• **RECORDS TO PROCESS**

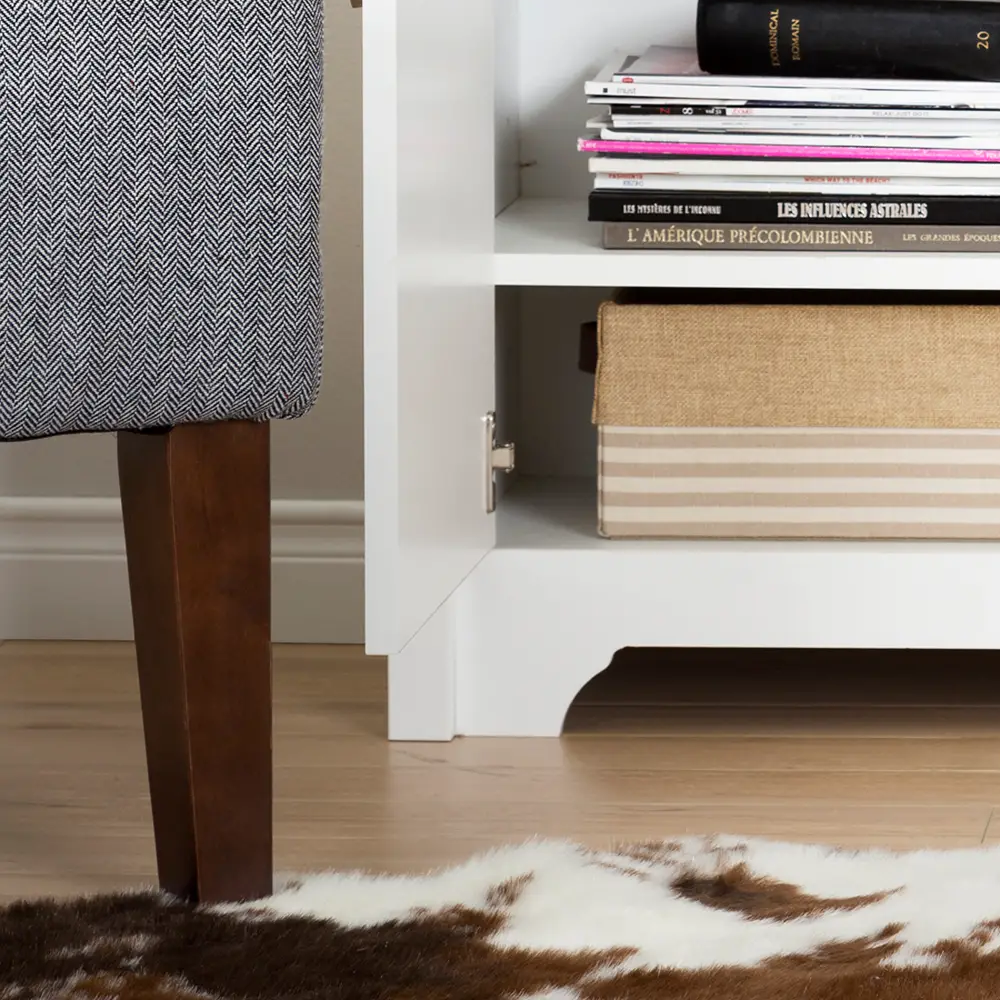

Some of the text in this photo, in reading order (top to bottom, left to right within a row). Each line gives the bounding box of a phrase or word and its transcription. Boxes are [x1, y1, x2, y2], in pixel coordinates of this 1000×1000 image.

[769, 8, 780, 66] DOMINICAL
[791, 18, 801, 61] ROMAIN
[976, 30, 990, 50] 20
[622, 204, 636, 214] LES
[637, 203, 672, 214] MYSTÈRES
[673, 205, 683, 214] DE
[776, 202, 929, 219] LES INFLUENCES ASTRALES
[729, 225, 874, 244] PRÉCOLOMBIENNE
[902, 233, 917, 241] LES
[920, 233, 960, 242] GRANDES

• **INSTRUCTIONS FOR THE TASK**
Repeat all the data as it stands, dropping any images it holds.

• **REPLY TO THE TASK**
Some of the text in this photo, in reading order (top to bottom, left to right within a row). Each line gives the bounding box of a phrase or word and its transcription. Boxes are [x1, y1, x2, y2], in pixel coordinates of this 1000×1000 image.

[769, 8, 780, 66] DOMINICAL
[791, 18, 801, 61] ROMAIN
[976, 30, 990, 50] 20
[622, 204, 636, 214] LES
[637, 203, 672, 214] MYSTÈRES
[673, 205, 683, 214] DE
[776, 202, 929, 219] LES INFLUENCES ASTRALES
[729, 225, 874, 244] PRÉCOLOMBIENNE
[902, 233, 917, 241] LES
[920, 233, 960, 242] GRANDES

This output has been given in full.